The B.C. probe was initiated in June, after B.C. Health Minister Adrian Dix said he found out about allegations that health-care workers in an emergency room had played a game in which they guessed the blood-alcohol level of largely Indigenous patients before they received treatment.

Métis Nation British Columbia told CBC that health-care staff called the game “The Price Is Right.”

Turpel-Lafond said the investigation did not find evidence of an organized “Price is Right” game, but that it unearthed an even more insidious picture of a system rife with racism and prejudice, that is making the B.C. health-care system an unsafe place for Indigenous people to seek care.

The report, called In Plain Sight, is based on input from 9,000 people, including Indigenous people and health-care workers.

Turpel-Lafond said a second report, a data-analysis of Indigenous-specific health outcomes, will be released in the next month.

The report’s 24 recommendations deal with implementing systems and cultural expectations to root our implicit and explicit racism in B.C.’s health-care system, including the creation of a B.C. Indigenous officer of health and an associate deputy minister of Indigenous health at the provincial government.

Dix on Monday offered an “unequivocal” apology for the findings of racism in the report, and vowed to implement recommendations immediately, including by introducing new Indigenous health liaisons in each of the province’s health authorities.

Indigenous leaders were quick to express their support for the recommendations, saying they were especially urgent in view of the ongoing pandemic.

“There is no time to wait; the current COVID-19 pandemic necessitates constant engagement by First Nations with the health care system, and we categorically demand a safe health care system for our people at this time and going forward,” reads a portion of a statement by the First Nations Leadership Council.

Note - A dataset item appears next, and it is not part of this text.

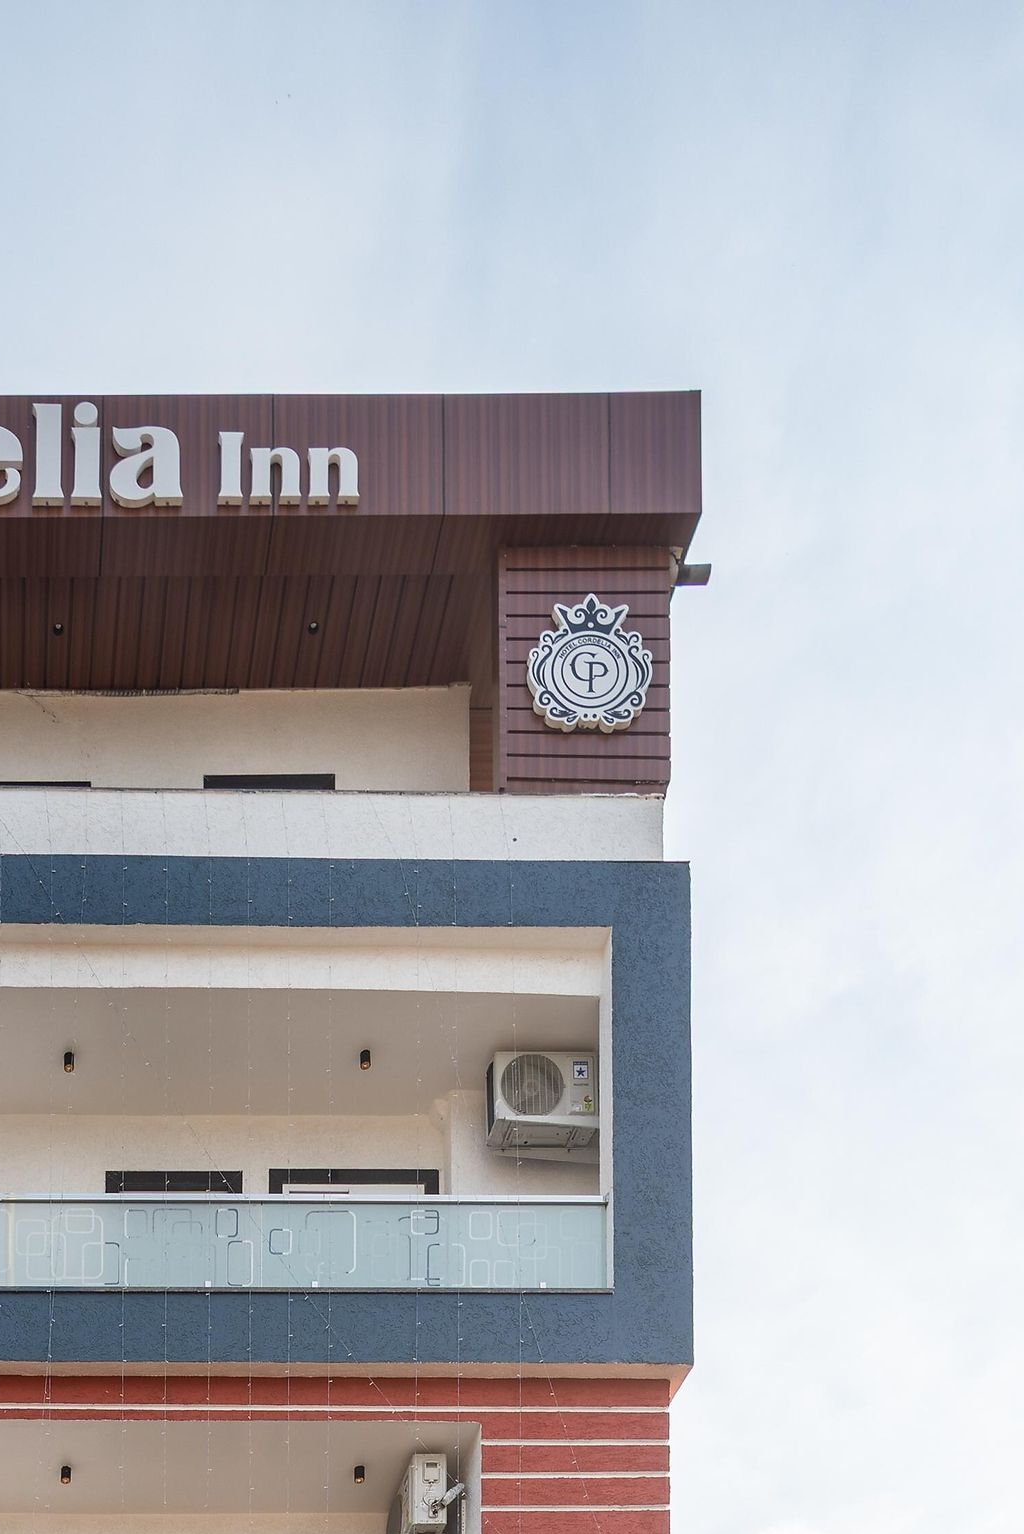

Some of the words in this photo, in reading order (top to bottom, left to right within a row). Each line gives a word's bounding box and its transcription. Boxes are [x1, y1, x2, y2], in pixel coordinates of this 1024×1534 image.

[216, 430, 361, 508] Inn
[559, 642, 577, 659] HOTEL
[578, 638, 611, 649] CORDELIA
[612, 648, 621, 659] INN

The treatment of a Quebec woman in hospital earlier this year also served to highlight the barriers Indigenous people face to getting care.

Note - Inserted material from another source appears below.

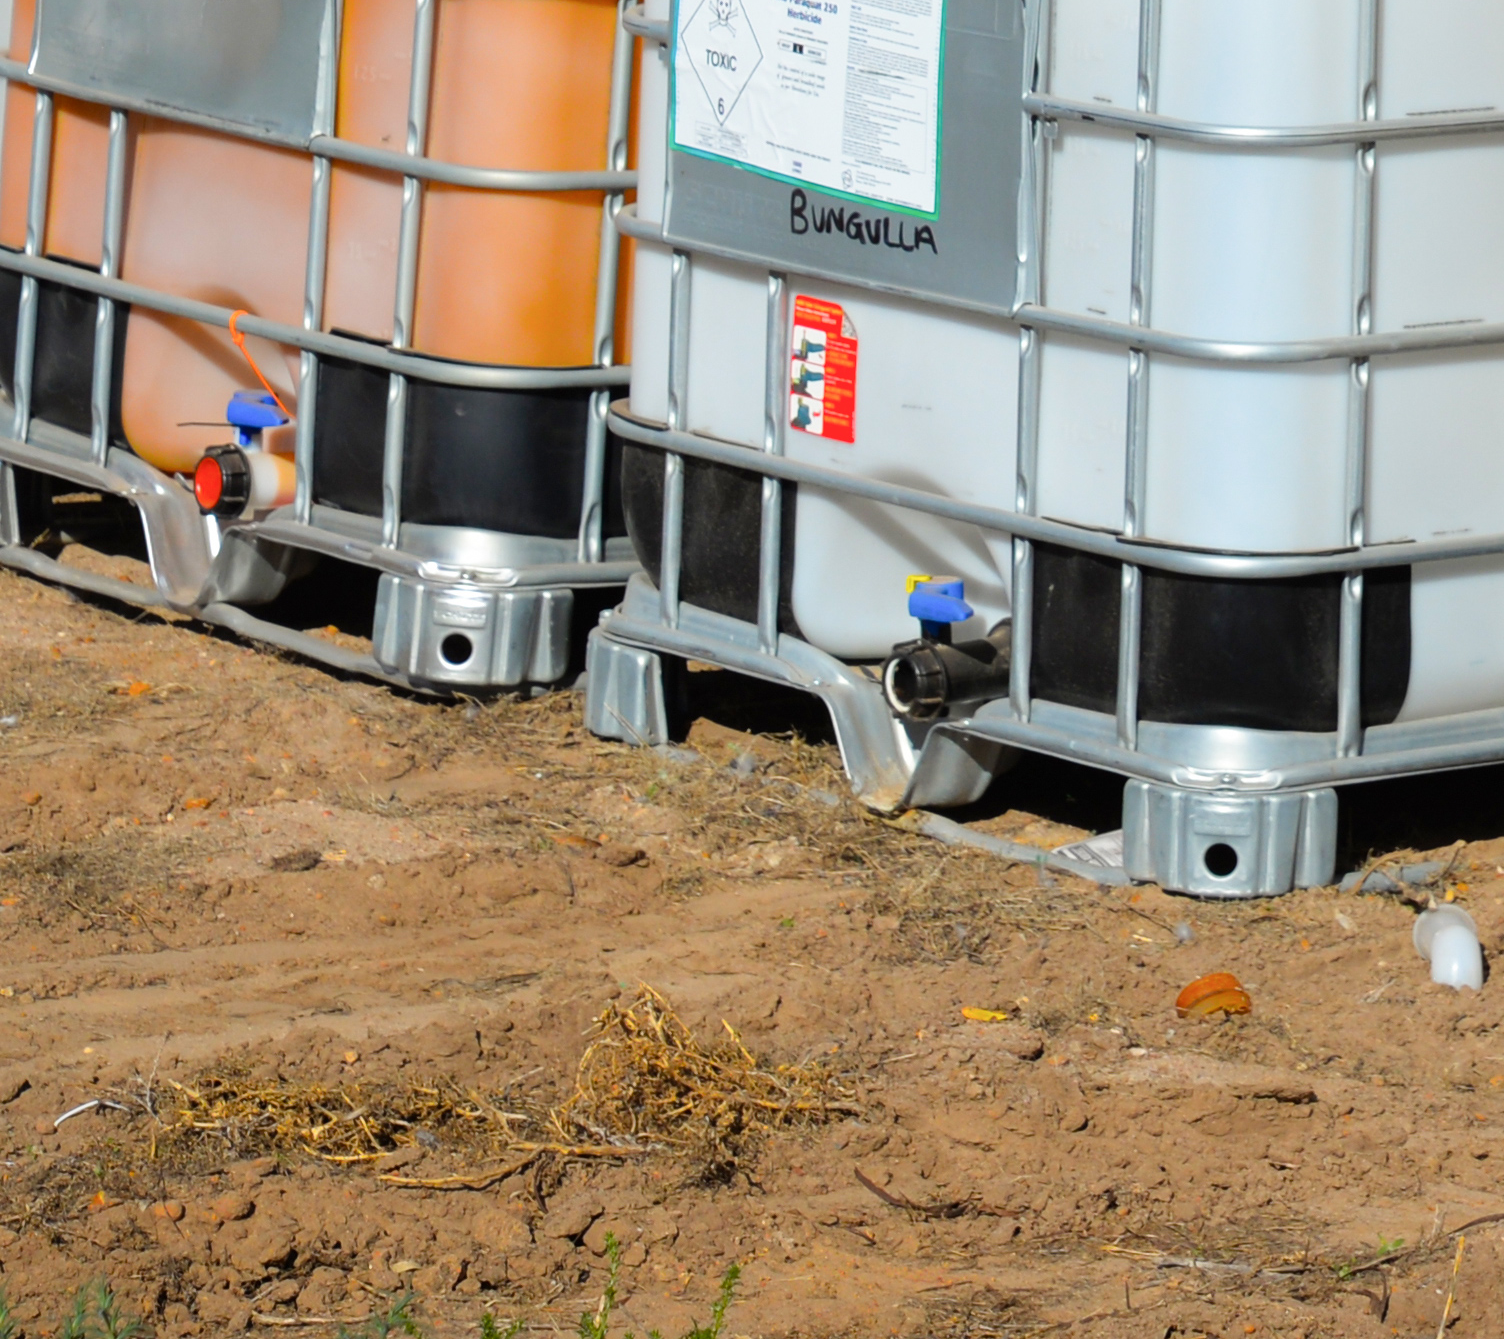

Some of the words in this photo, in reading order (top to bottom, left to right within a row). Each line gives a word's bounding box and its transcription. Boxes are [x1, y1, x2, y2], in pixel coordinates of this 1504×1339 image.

Joyce Echaquan, an Atikamekw mother of seven, died soon after she filmed herself from her hospital bed in late September while she was in clear distress and pleading for help. Toward the end of the video, which was streamed live, two female hospital staff enter her room and are heard making degrading comments, including calling her stupid and saying she’d be better off dead.

The video has created widespread indignation, several inquiries and a lawsuit from Echaquan’s family against the hospital where she died in Joliette, Que.